Pakistán bombardeó Afganistán y declaró el inicio de una “guerra abierta” contra los talibanes. Los ataques comenzaron en la madrugada de este viernes y alcanzaron importantes ciudades como Kabul, Kandahar y Paktia.
El bombardeo pakistaní ocurrió luego de que fuerzas afganas atacaran posiciones fronterizas durante la noche del jueves como respuesta, a su vez, de ataques previos desde Islamabad.
Desde el Ejército de Pakistán afirmaron que al menos 264 talibanes «terroristas» murieron, refiriéndose así a miembros de Tehrik-i-Taliban Pakistan (TTP), un grupo de talibanes pakistaníes yihadistas que operan desde suelo afgano y que previamente habían realizado ataques en la Línea Durand.
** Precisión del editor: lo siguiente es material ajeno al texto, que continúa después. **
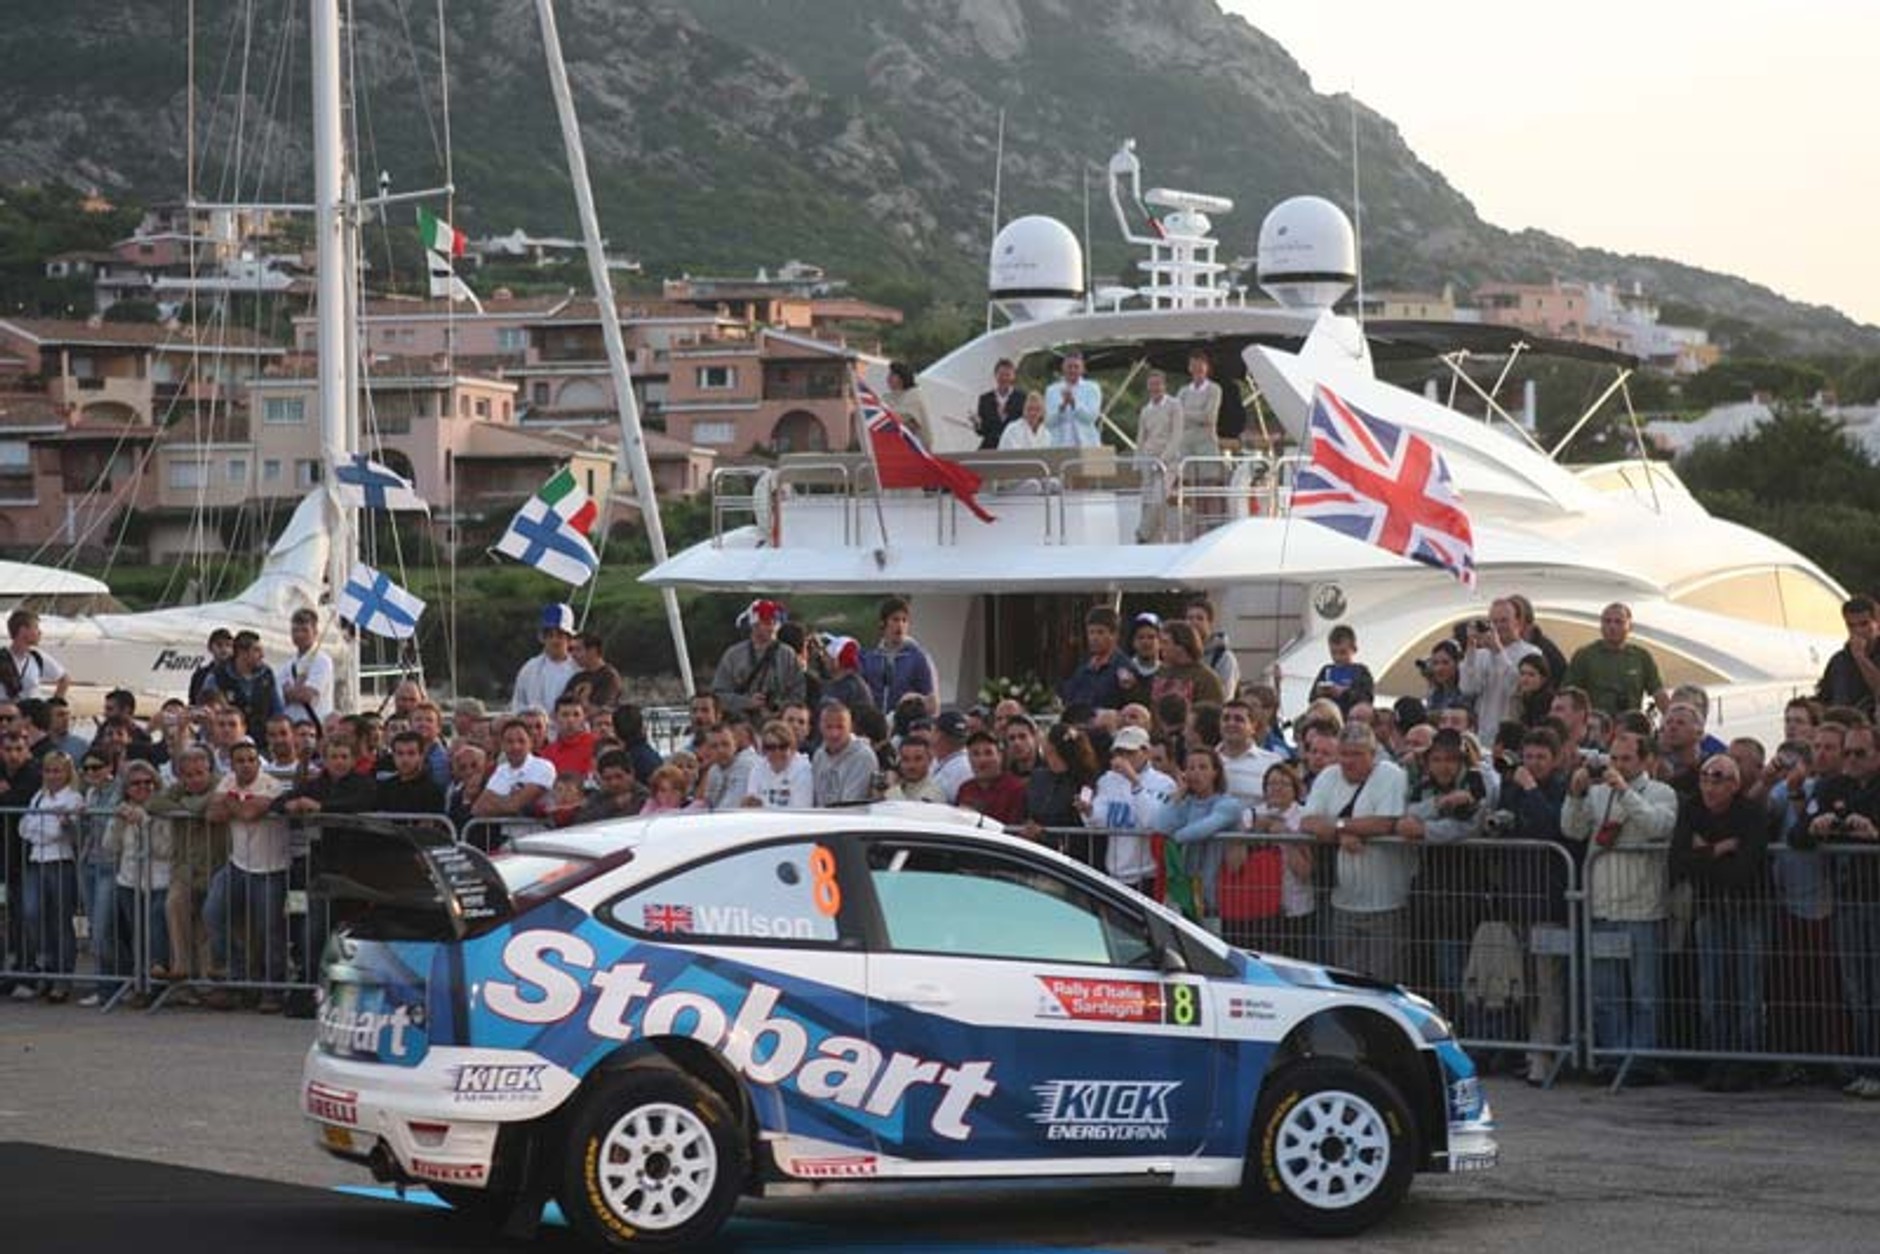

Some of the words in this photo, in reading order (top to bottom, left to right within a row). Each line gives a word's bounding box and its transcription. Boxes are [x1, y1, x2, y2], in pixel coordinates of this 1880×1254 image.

[808, 845, 841, 916] 8
[699, 903, 812, 938] Wilson
[1052, 981, 1089, 1000] Rally
[1092, 983, 1143, 999] d'Italia
[1070, 997, 1144, 1018] Sardegna
[1173, 985, 1194, 1025] 8
[483, 928, 997, 1141] Stobart
[456, 1064, 548, 1092] KICK
[1045, 1080, 1182, 1123] KICK
Además, se informó que hay al menos 400 heridos y 75 puestos de control destruidos.
Luego de los ataques, el ministro de Defensa de Pakistán, Khawaja Asif, expresó: «Nuestra paciencia se ha acabado. A partir de ahora, estamos en una guerra abierta entre ustedes y nosotros», escribió dirigiéndose a Afganistán.
«Pakistán ha hecho grandes esfuerzos para mantener la normalidad de forma directa y a través de países amigos. Se ha involucrado en una diplomacia de pleno derecho. Pero los talibanes se han convertido en un representante de India», justificó Asif en la red social X.
El jefe del Ejército pakistaní, Ahmed Sharif Chaudhri, sostuvo que atacaron únicamente «objetivos militares» en Afganistán y argumentó que la ofensiva fue lanzada para «proteger los derechos soberanos y los intereses de seguridad de Pakistán».
Por su parte, el principal portavoz de los talibanes, Zabihullah Mujahid, confirmó los ataques sobre la capital: «El cobarde ejército pakistaní ha llevado a cabo bombardeos en algunas áreas de Kabul, Kandahar y Paktia», escribió en X.
«Tras los ataques aéreos contra Kabul, Kandahar y otras provincias, se han vuelto a llevar a cabo operaciones de represalia a gran escala contra posiciones de soldados pakistaníes», agregó Mujahid.
Las claves de la guerra abierta entre Pakistán y Afganistán
Ambos bajo gobiernos islámicos se encuentran enfrentados desde hace años a lo largo de una frontera de más de 2.600 kilómetros cuya legitimidad sigue en disputa, la llamada Línea Durand. Esta fue establecida en 1893 por un diplomático británico, Sir Mortimer Durand, cuando el Reino Unido controlaba lo que hoy es Pakistán. Como consecuencia, de la noche a la mañana familias y tribus quedaron divididas.
Afganistán nunca reconoció esta línea como una frontera oficial y la rechaza al considerarla una imposición colonial. Por el contrario, la considera legal y la reconoce como su frontera internacional.
A esto se le suma la lucha de Pakistán contra miembros de Tehrik-i-Taliban Pakistan (TTP), un grupo yihadista que surgió en 2007 en el noroeste pakistaní con una postura más radical y alineados al Estado Islámico.
A diferencia de los talibanes afganos, que querían gobernar Afganistán, el TTP pretende derrocar al gobierno de Pakistán, expulsar al ejército pakistaní de las zonas tribales fronterizas y establecer una interpretación extremista de la ley islámica (Sharia) en todo el país.
El TTP es responsable de algunos de los ataques más sangrientos en la historia de Pakistán, incluyendo el terrible atentado contra una escuela en Peshawar en 2014, donde murieron más de 130 niños.